I shrugged. “Well, it doesn’t do any good to eat breakfast if I’m just going to toss it off the rooftop. At least I’m fine by dinner.”

I felt a bump behind me and turned to see Bobbie. “Maybe you should have Dr. Shannon give you another test.”

“She already gave me a dozen tests. I’m not sick.” I put my fingers up in the Girl Scout sign. “I swear.”

“Maybe she should have given you a pregnancy test.”

My mouth dropped open and stayed that way. Pain shot across my heart. “That is just cruel, Bobbie Roberts,” I whispered, turning around.

“You know, my husband bred racehorses,” Bobbie said to Michelle as I tried to tune her out. “Sometimes the mares just couldn’t breed. Everyone thought it was the mare’s fault, high-strung or whatever. Then they changed the stud. Before you knew it, the mare was pregnant.”
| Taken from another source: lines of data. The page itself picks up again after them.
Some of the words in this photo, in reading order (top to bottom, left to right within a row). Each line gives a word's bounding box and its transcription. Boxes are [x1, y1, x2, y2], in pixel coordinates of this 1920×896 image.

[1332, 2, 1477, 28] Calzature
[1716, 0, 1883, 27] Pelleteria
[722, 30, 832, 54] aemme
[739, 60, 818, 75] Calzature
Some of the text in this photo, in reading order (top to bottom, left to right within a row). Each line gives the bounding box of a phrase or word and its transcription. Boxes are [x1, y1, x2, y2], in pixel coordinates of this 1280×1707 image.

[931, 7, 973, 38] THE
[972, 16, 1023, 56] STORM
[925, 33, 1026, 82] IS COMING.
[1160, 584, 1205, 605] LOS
Bobbie grabbed my shoulder and turned me to face her. She stared me straight in the eye. “Sometimes all you have to do is change the stud.”

♦♦♦

Another predawn heaving over the rooftop ledge and I went to Dr. Shannon for a pregnancy test. Heart racing a million miles an hour, I’d done the required pee and waited. Taking the test stick, I sat on the rooftop ledge by my tent and waited. I’d lost count of how many months I’d sat just like this—always waiting, always disappointed. Upset to see the anger in Carl’s face. The unfair blame always placed firmly on me. The looks from his parents that screamed I was condemning the Gray lineage to extinction.
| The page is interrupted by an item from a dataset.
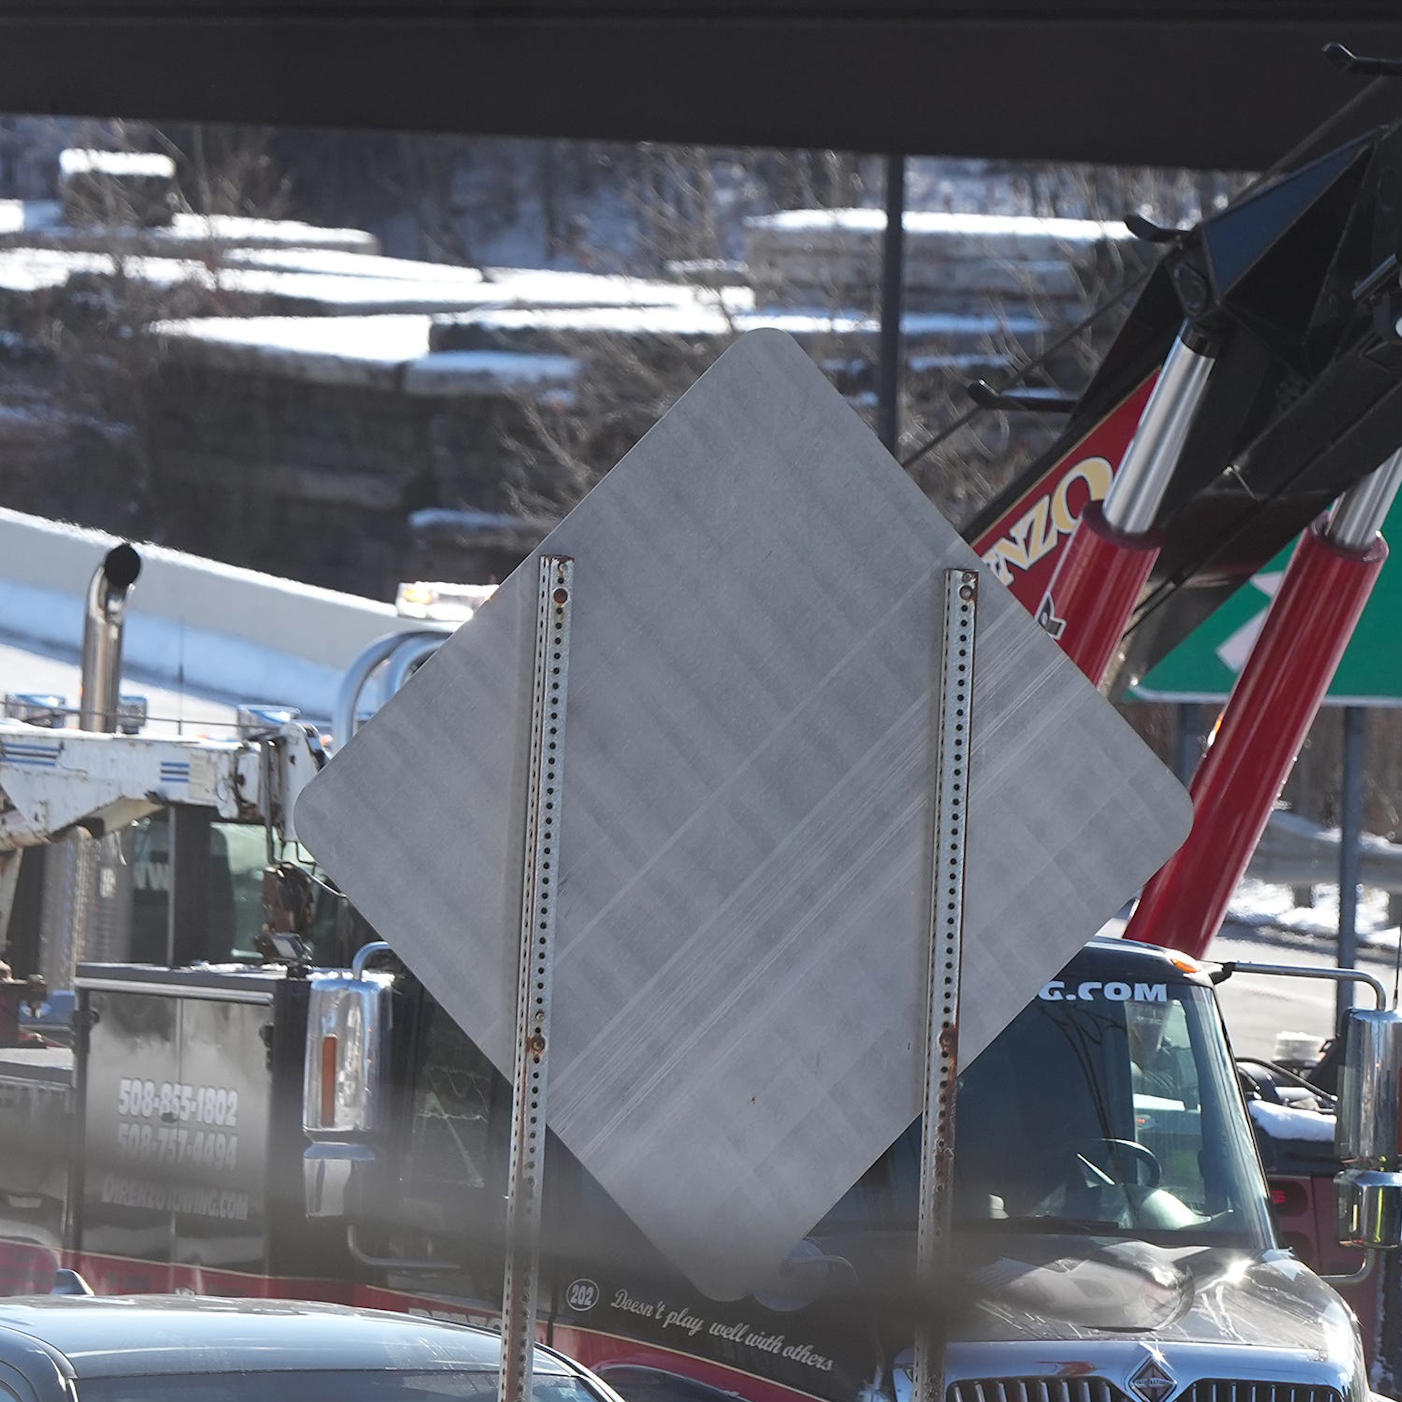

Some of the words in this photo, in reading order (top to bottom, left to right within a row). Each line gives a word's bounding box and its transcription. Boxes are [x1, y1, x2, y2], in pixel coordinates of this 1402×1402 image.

Did I want it to say positive or not? A stupid grin broke out on my face at the idea of a baby. All those wasted fertility treatments. All those hopeless months of thinking, ‘maybe this time,’ only to get my period—yet again. But just thinking of Nick and Beth reminded me yet again of why this was an impossible time to be pregnant. But wasn’t any time an impossible time? If people waited for the ‘right’ time, there would be no babies at all.

A gasp escaped me as the test stick formed a plus sign in the little window, the sun rose behind me, and the bright rays illuminated shambling figures on the dirt fields and asphalt road as far as my eyes could see.